— Work to complete —
The answer must be an exact copy of the records, with no pictures in it.

Images for object localization
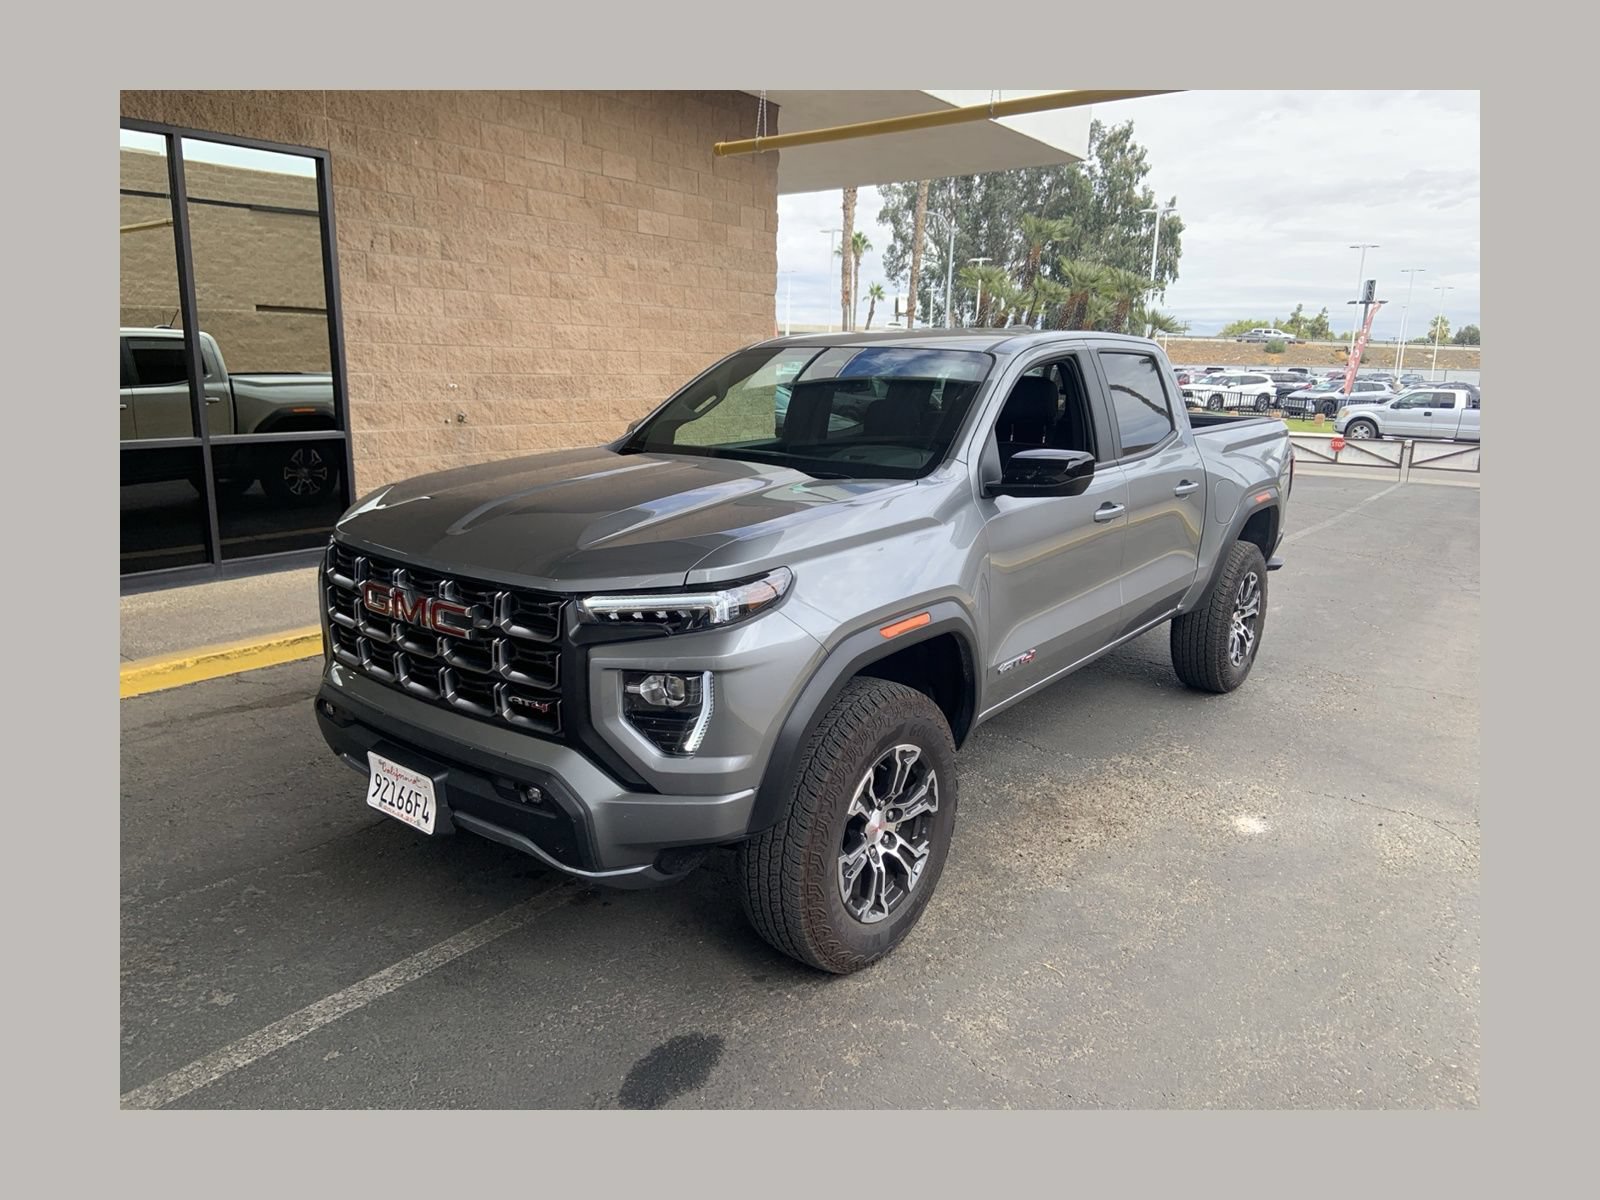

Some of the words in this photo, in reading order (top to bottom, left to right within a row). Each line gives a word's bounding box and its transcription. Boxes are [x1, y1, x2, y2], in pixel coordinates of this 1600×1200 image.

[1331, 440, 1345, 448] STOP
[363, 579, 474, 640] GMC
[372, 773, 429, 823] 92166F4
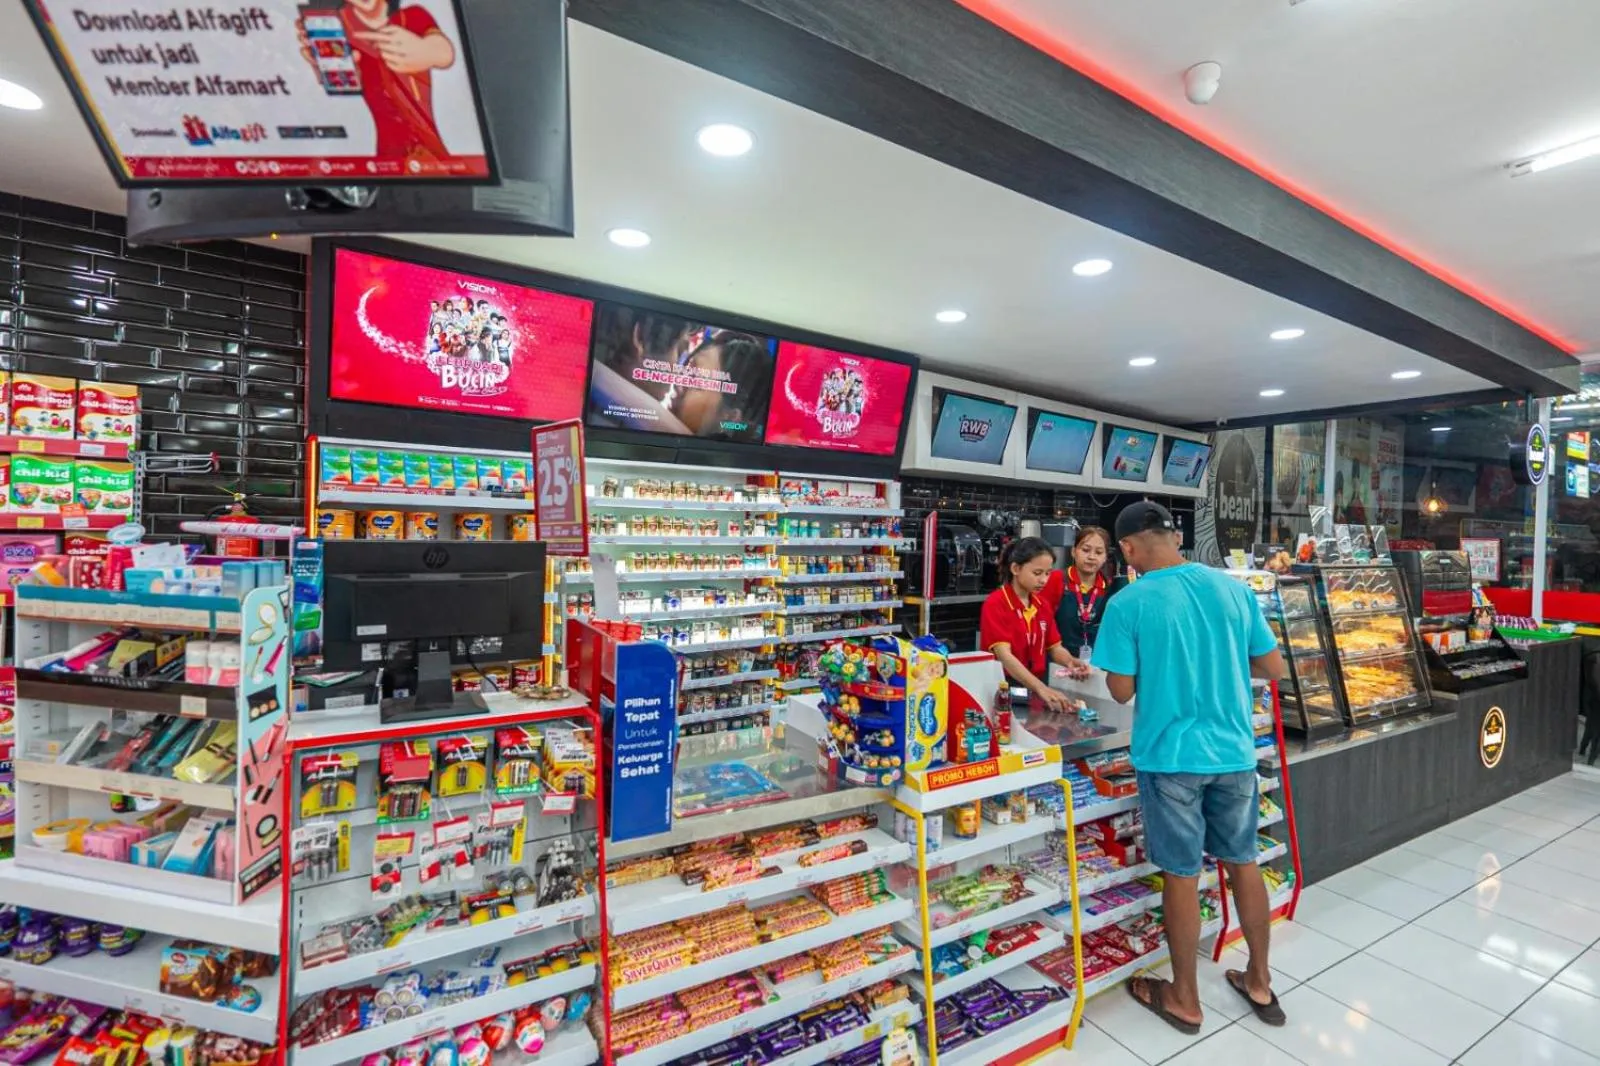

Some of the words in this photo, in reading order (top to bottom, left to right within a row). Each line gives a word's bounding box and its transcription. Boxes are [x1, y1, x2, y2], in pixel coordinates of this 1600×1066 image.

[73, 9, 182, 31] Download
[186, 8, 273, 36] Alfagift
[91, 44, 158, 64] untuk
[158, 43, 200, 69] jadi
[105, 76, 190, 96] Member
[194, 75, 291, 96] Alfamart
[62, 419, 71, 430] 4
[124, 425, 133, 436] 4
[961, 419, 989, 436] RWB
[538, 456, 580, 507] 25%
[1219, 481, 1256, 522] bean!
[624, 697, 662, 709] Pilihan
[624, 710, 661, 724] Tepat
[624, 727, 658, 740] Untuk
[617, 752, 664, 765] Keluarga
[620, 763, 661, 779] Sehat
[932, 771, 964, 785] PROMO
[965, 763, 995, 777] HEBOH

— Solved problem —
Some of the words in this photo, in reading order (top to bottom, left to right within a row). Each line gives a word's bounding box and its transcription. Boxes are [x1, y1, x2, y2], in pixel coordinates of this 1600×1200 image.

[1331, 440, 1345, 448] STOP
[363, 579, 474, 640] GMC
[372, 773, 429, 823] 92166F4

Some of the words in this photo, in reading order (top to bottom, left to right within a row). Each line gives a word's bounding box and its transcription. Boxes are [x1, y1, x2, y2], in pixel coordinates of this 1600×1066 image.

[73, 9, 182, 31] Download
[186, 8, 273, 36] Alfagift
[91, 44, 158, 64] untuk
[158, 43, 200, 69] jadi
[105, 76, 190, 96] Member
[194, 75, 291, 96] Alfamart
[62, 419, 71, 430] 4
[124, 425, 133, 436] 4
[961, 419, 989, 436] RWB
[538, 456, 580, 507] 25%
[1219, 481, 1256, 522] bean!
[624, 697, 662, 709] Pilihan
[624, 710, 661, 724] Tepat
[624, 727, 658, 740] Untuk
[617, 752, 664, 765] Keluarga
[620, 763, 661, 779] Sehat
[932, 771, 964, 785] PROMO
[965, 763, 995, 777] HEBOH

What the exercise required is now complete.